The temperature of the sink is ${T_2}$.

Complete step by step answer:
We must remember that the Carnot’s theorem also referred to as Carnot’s rule was proposed by Nicolas Leonard Carnot within the year 1824, with the principle that there are limits on maximum efficiency for any given engine. It depends mostly on boiling and freezing reservoir temperatures.
Given,
The value of Carnot efficiency is $25\%$.
The temperature of the source is $300K$.
The Carnot’s efficiency is calculated by,
$\eta = \dfrac{{{\text{Network done per cycle}}}}{{{\text{Total amount of heat absorbed per cycle}}}}$
$\eta = \dfrac{{{Q_1} - {O_2}}}{{{Q_1}}}$
$\eta = 1 - \dfrac{{{Q_2}}}{{{Q_1}}}\xrightarrow{{}}1$
We know that heat is directly proportional to temperature thus,
$\dfrac{{{Q_2}}}{{{Q_1}}} = \dfrac{{{T_2}}}{{{T_1}}}$
Substituting the above equation 1
$\eta = 1 - \dfrac{{{T_2}}}{{{T_1}}}$
Now substitute known values in the above equation,
$\dfrac{{25}}{{100}} = 1 - \dfrac{{300K}}{{{T_1}}}$
On simplifying we get,
$\Rightarrow \dfrac{1}{4} = 1 - \dfrac{{300K}}{{{T_1}}}$
$\Rightarrow {T_1} = \dfrac{{300}}{{0.75}} = 400K$
Therefore, the option (C) is correct.

Note:
Now we discuss about the four steps involved in Carnot cycle as follows,
The first process is reversible isothermal gas expansion. In this process, the amount of heat absorbed by the ideal gas q from the heat source, which is at a temperature of T.
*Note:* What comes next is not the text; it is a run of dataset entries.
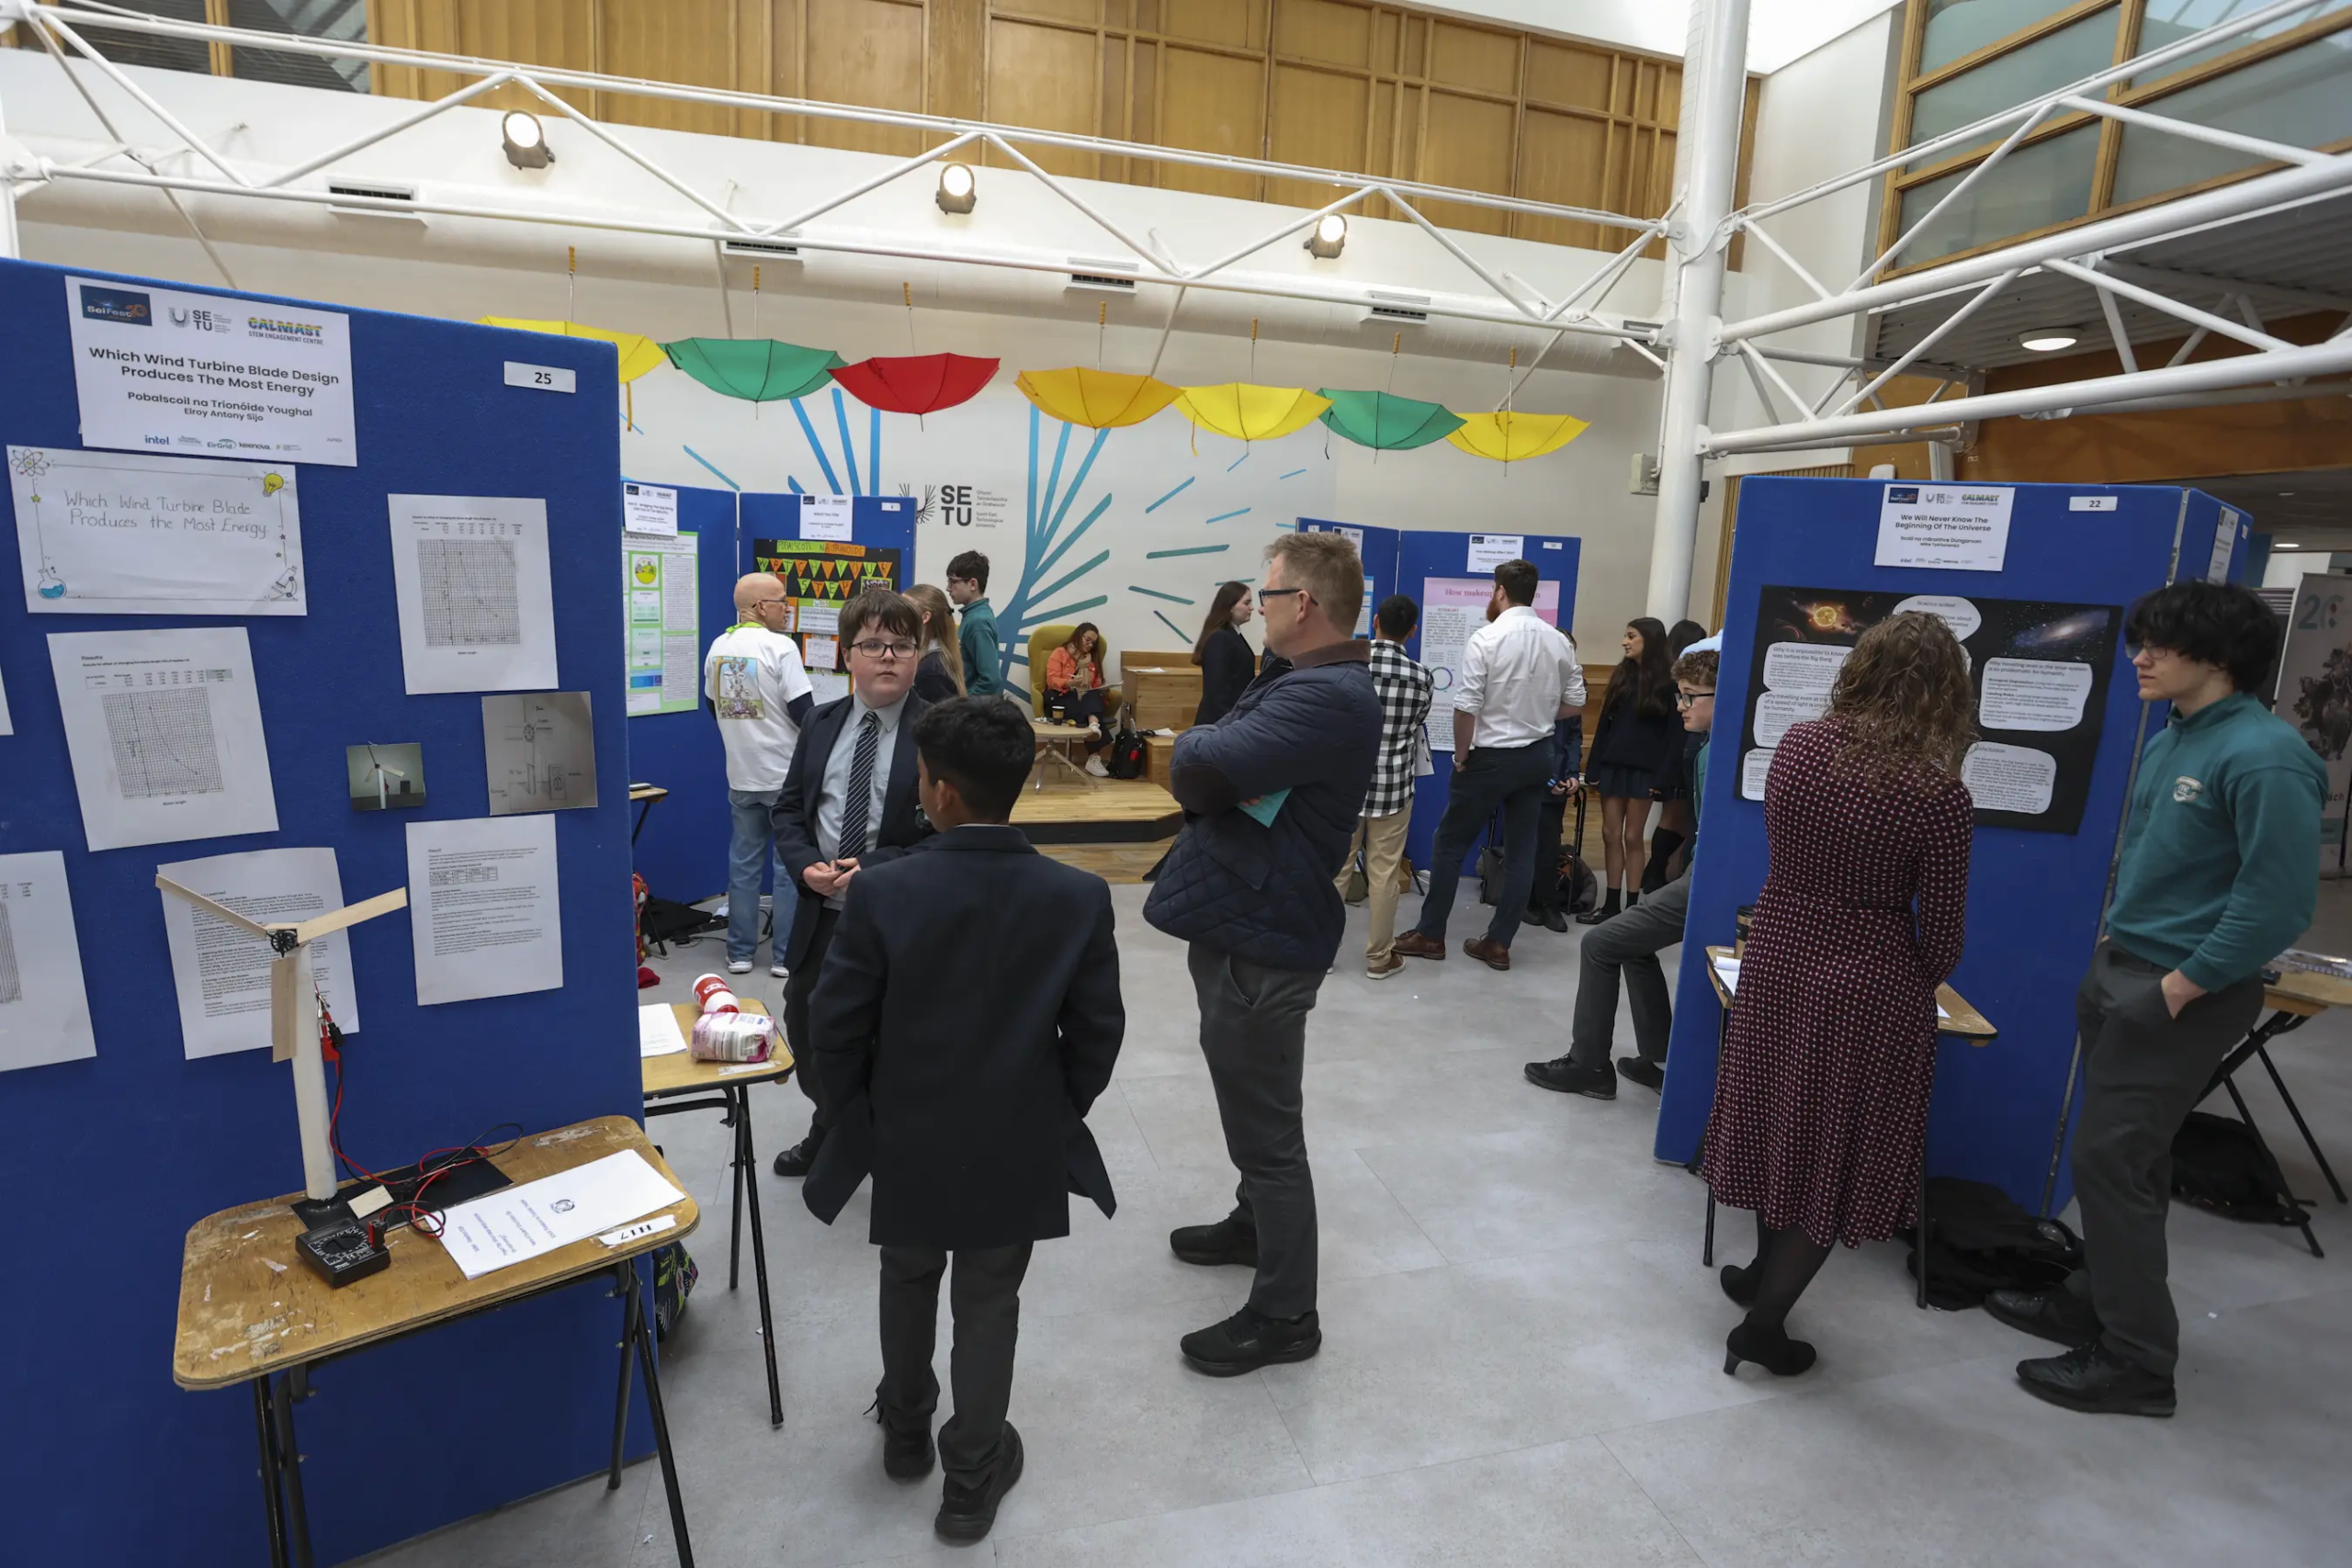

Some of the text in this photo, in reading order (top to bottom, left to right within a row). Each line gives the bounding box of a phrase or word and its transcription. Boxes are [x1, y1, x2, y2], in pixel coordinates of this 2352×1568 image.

[192, 310, 211, 321] SE
[194, 321, 213, 332] TU
[248, 317, 322, 337] CALMAST
[248, 331, 323, 345] STEM ENGAGEMENT CENTRE
[89, 347, 339, 386] Which Wind Turbine Blade Design
[121, 366, 314, 398] Produces The Most Energy
[535, 372, 551, 384] 25
[128, 391, 190, 405] Pobalscoil
[193, 399, 209, 407] na
[266, 405, 312, 418] Youghal
[184, 407, 264, 423] Elroy Antony Sijo
[144, 434, 169, 446] intel
[64, 490, 251, 514] Which Wind Turbine Blade
[941, 484, 972, 505] SE
[70, 508, 138, 528] Produces
[150, 514, 173, 530] the
[184, 517, 215, 532] Most
[941, 505, 972, 526] TU
[1895, 522, 1932, 530] Beginning
[802, 579, 848, 592] STEP
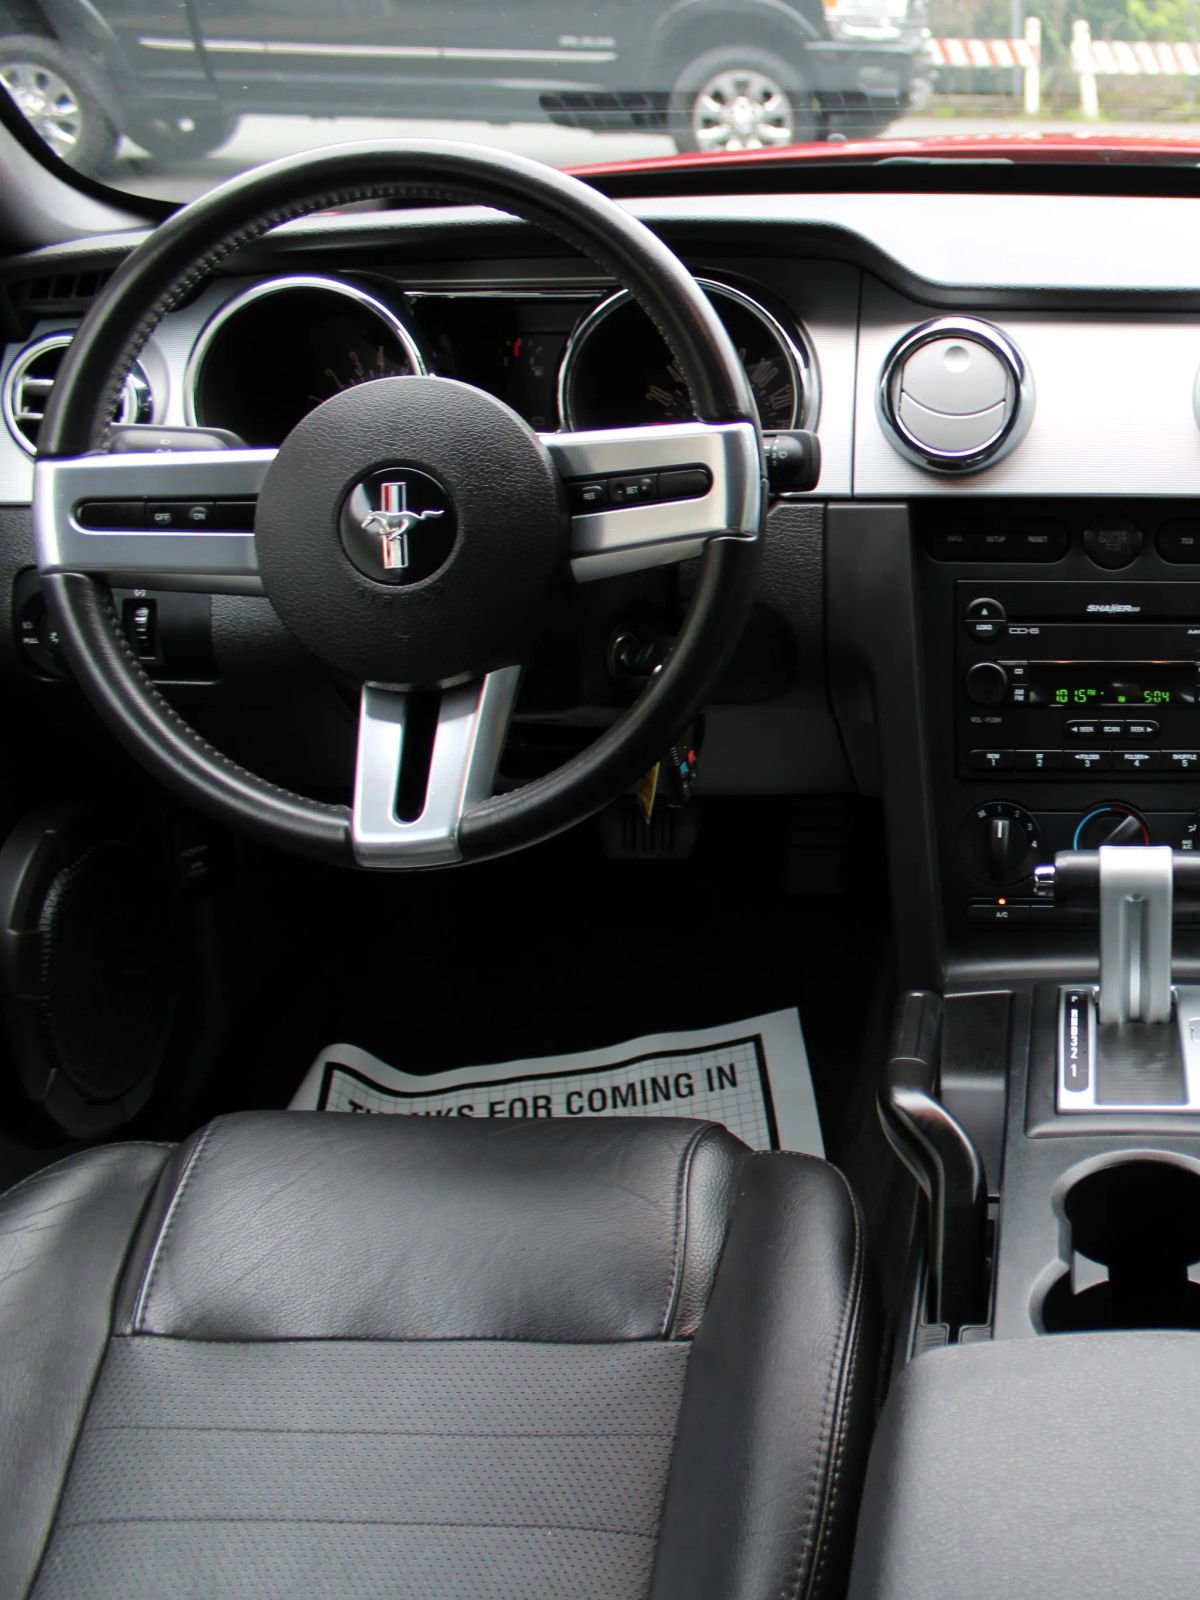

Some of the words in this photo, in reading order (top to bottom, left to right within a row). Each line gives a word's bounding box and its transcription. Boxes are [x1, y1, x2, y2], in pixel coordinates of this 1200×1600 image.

[154, 513, 170, 521] OFF
[1143, 690, 1170, 704] 5:04
[1036, 759, 1043, 767] 2
[1084, 759, 1091, 767] 3
[1133, 759, 1140, 767] 4
[1182, 759, 1188, 767] 5
[1031, 840, 1038, 848] 4
[1071, 1036, 1078, 1046] 3
[1071, 1047, 1078, 1059] 2
[1070, 1064, 1077, 1077] 1
[566, 1073, 694, 1115] COMING
[706, 1063, 738, 1091] IN
The second process is reversible adiabatic gas expansion. Now, the system is thermally protected, and the gas continues to expand and work is done on the surroundings. Now the temperature is lower, ${T_l}$ .
The third process is reversible isothermal gas compression process. Here, the heat loss ${q_{out}}$ happens only if the surroundings do the work at temperature ${T_l}$.
The fourth process is reversible adiabatic gas compression. Again the system is thermally insulated. The temperature again rises back to ${T_h}$ as the surroundings continue to do their work on the gas.